Fix: When quantizing to GGUF/AWQ, ensure the quantization tool respects the grouped query attention configuration. Use llama.cpp with proper Mistral flags or autoawq with GQA support.
6. LoRA Rank Mismatch
Mistake: Using excessively high ranks (e.g., 128+) on 7B models.
Impact: Overfitting on small datasets; increased inference latency without accuracy gains.
Fix: For Mistral-7B, ranks between 16 and 64 are optimal. Use rank 32 as a baseline and adjust based on dataset size.
Mistake: Setting train_on_inputs: true for instruction tuning.
Impact: The model learns to predict the instruction tokens, wasting capacity and degrading instruction following.

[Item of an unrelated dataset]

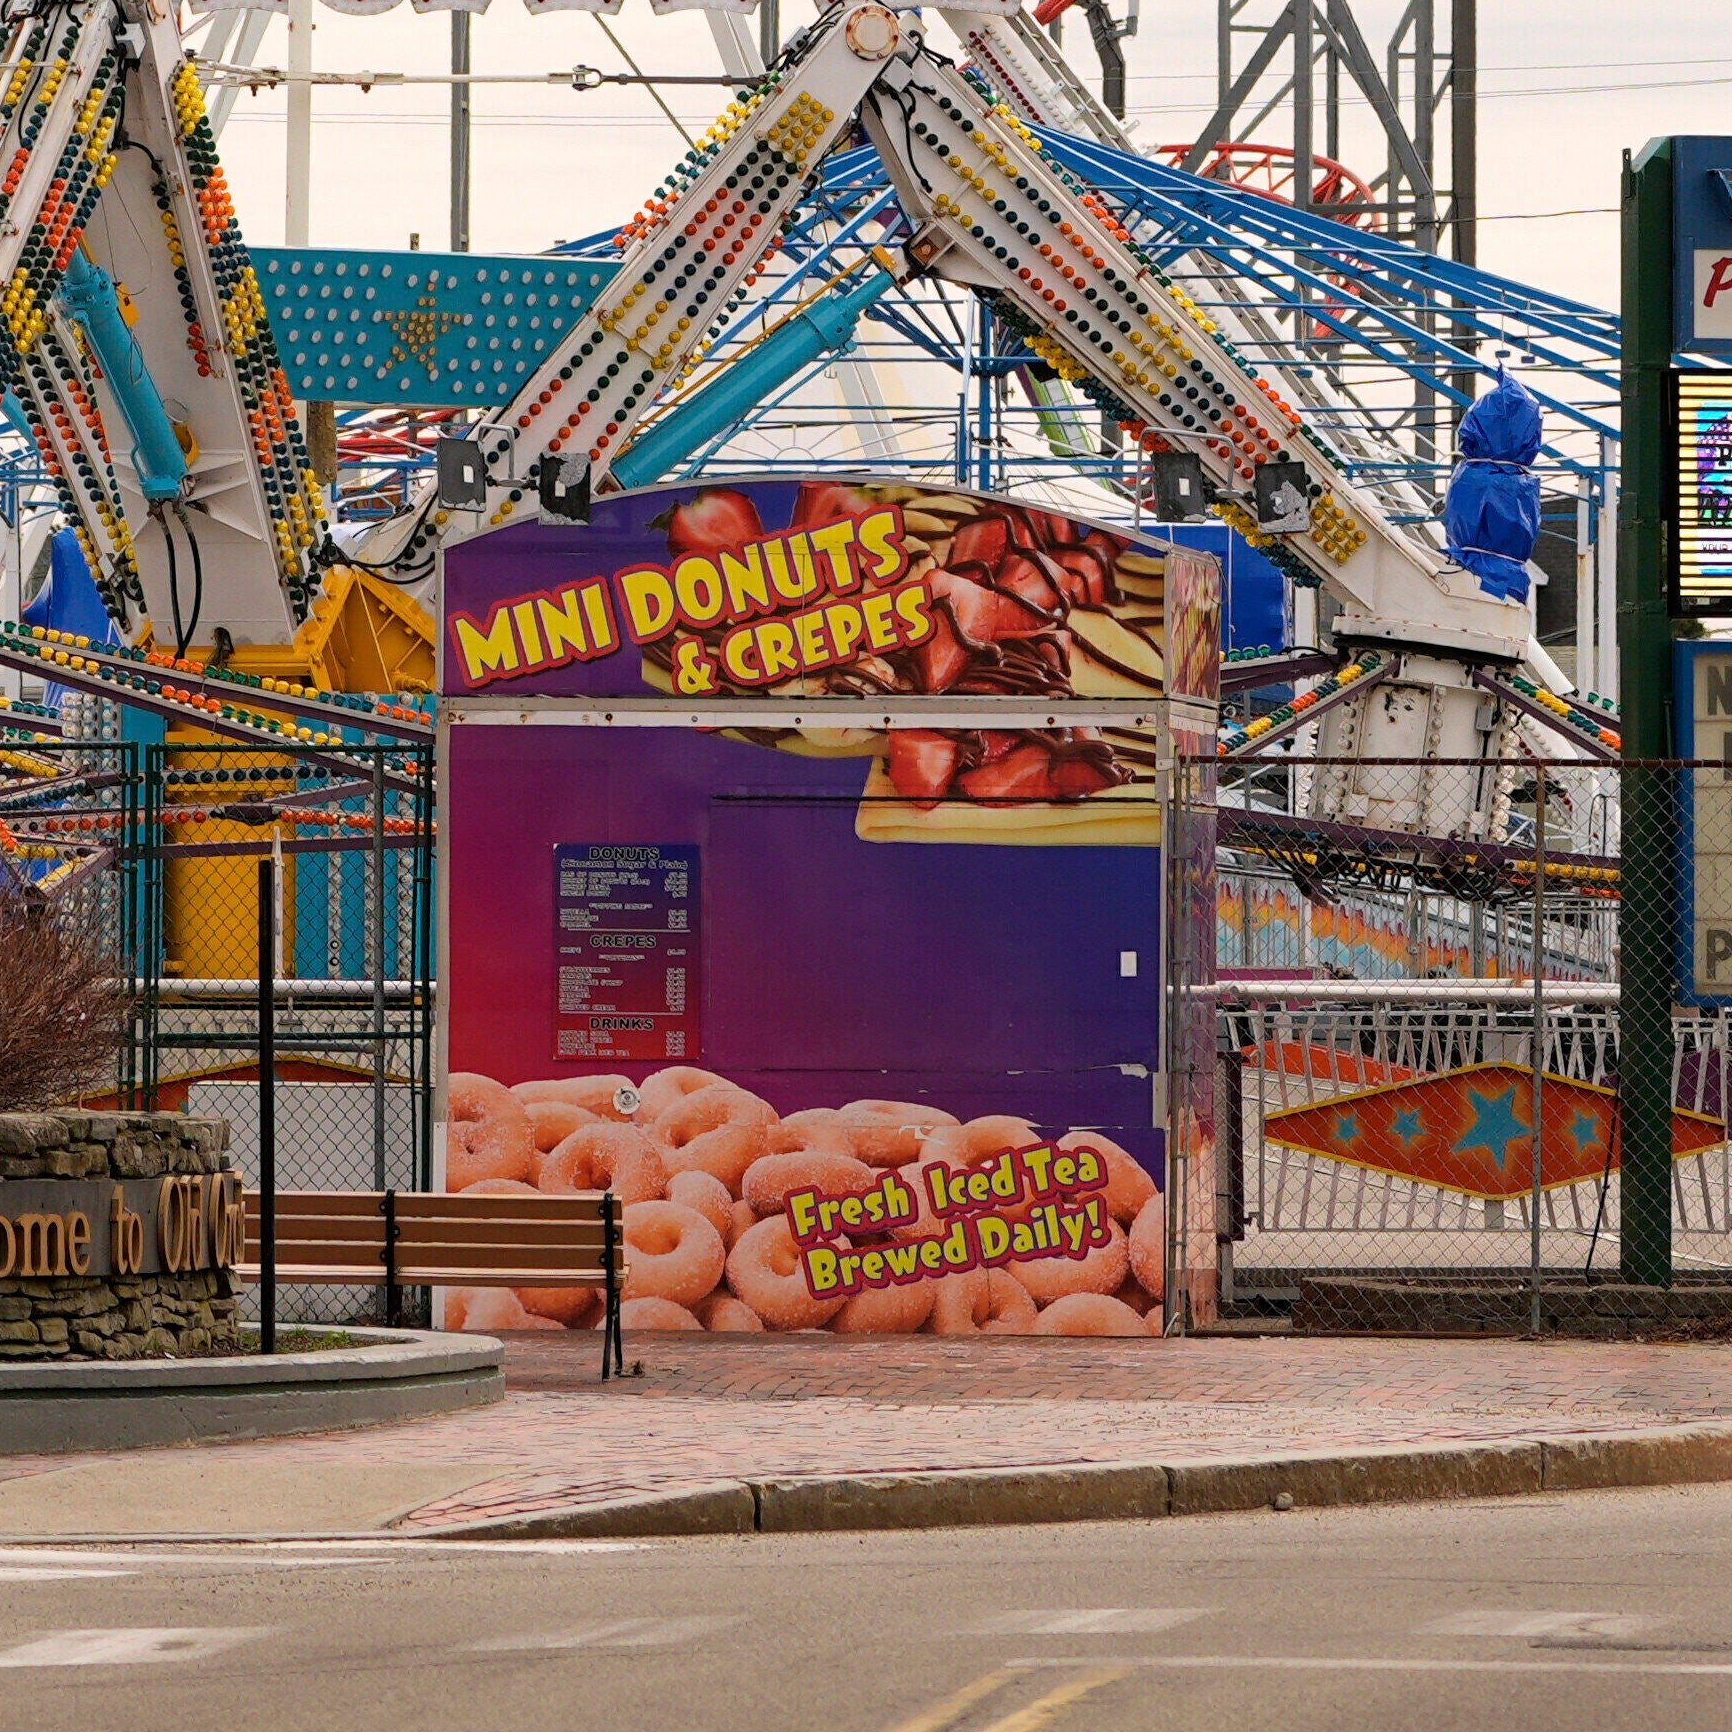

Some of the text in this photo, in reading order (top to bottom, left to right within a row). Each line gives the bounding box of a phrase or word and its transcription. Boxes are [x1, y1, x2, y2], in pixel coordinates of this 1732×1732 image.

Fix: Set train_on_inputs: false so the model only learns to predict the response tokens.
Production Bundle
Action Checklist
Decision Matrix
| Scenario | Recommended Approach | Why | Cost Impact |
|---|
| Low Budget / Single GPU | QLoRA (4-bit) with Rank 32 | Reduces VRAM by ~70% while maintaining accuracy; enables fine-tuning on consumer hardware. | Low |
| High Quality / Full Retraining | Full Fine-tuning BF16 | Best convergence for large datasets; avoids adapter merge artifacts; maximizes capability transfer. | High |
| Long Context Critical | SFT with SWA-Aware Packing | Preserves 32k context window; prevents context collapse; essential for RAG or document processing. | Medium |
| Latency Sensitive Inference | Merge + AWQ Quantization | AWQ provides better latency/perplexity trade-off than GGUF for Mistral; reduces memory bandwidth pressure. | Medium |
Configuration Template
axolotl_mistral_production.yaml:
base_model: mistralai/Mistral-7B-v0.3
model_type: MistralForCausalLM
tokenizer_type: LlamaTokenizer
load_in_4bit: true
strict: false
datasets:
- path: ./data/train.jsonl
type: completion
field: text
format: "{instruction} {output}"
output_dir: ./output/mistral-prod
sequence_len: 4096
sample_packing: true
pad_to_sequence_len: true
adapter: lora
lora_r: 32
lora_alpha: 64
lora_dropout: 0.05
lora_target_modules:
- q_proj
- k_proj
- v_proj
- o_proj
- gate_proj
- up_proj
- down_proj
gradient_accumulation_steps: 4
micro_batch_size: 2
num_epochs: 3
optimizer: paged_adamw_8bit
lr_scheduler: cosine
learning_rate: 2e-5
train_on_inputs: false
bf16: true
fp16: false
tf32: true
gradient_checkpointing: true
flash_attention: true
logging_steps: 10
save_steps: 200
eval_steps: 200
save_total_limit: 2
deepspeed: null
Quick Start Guide
-
Install Dependencies:
pip install axolotl[deepspeed] transformers peft bitsandbytes accelerate
-
Prepare Data:
Create train.jsonl with Mistral format:
{"instruction": "Explain quantum computing.", "output": "Quantum computing uses qubits..."}
-
Create Config:
Save the axolotl_mistral_production.yaml template above.
-
Run Training:
accelerate launch -m axolotl.cli.train axolotl_mistral_production.yaml
-
Validate:
Load the merged model and test with a prompt wrapped in [INST] tags. Verify response format and latency metrics.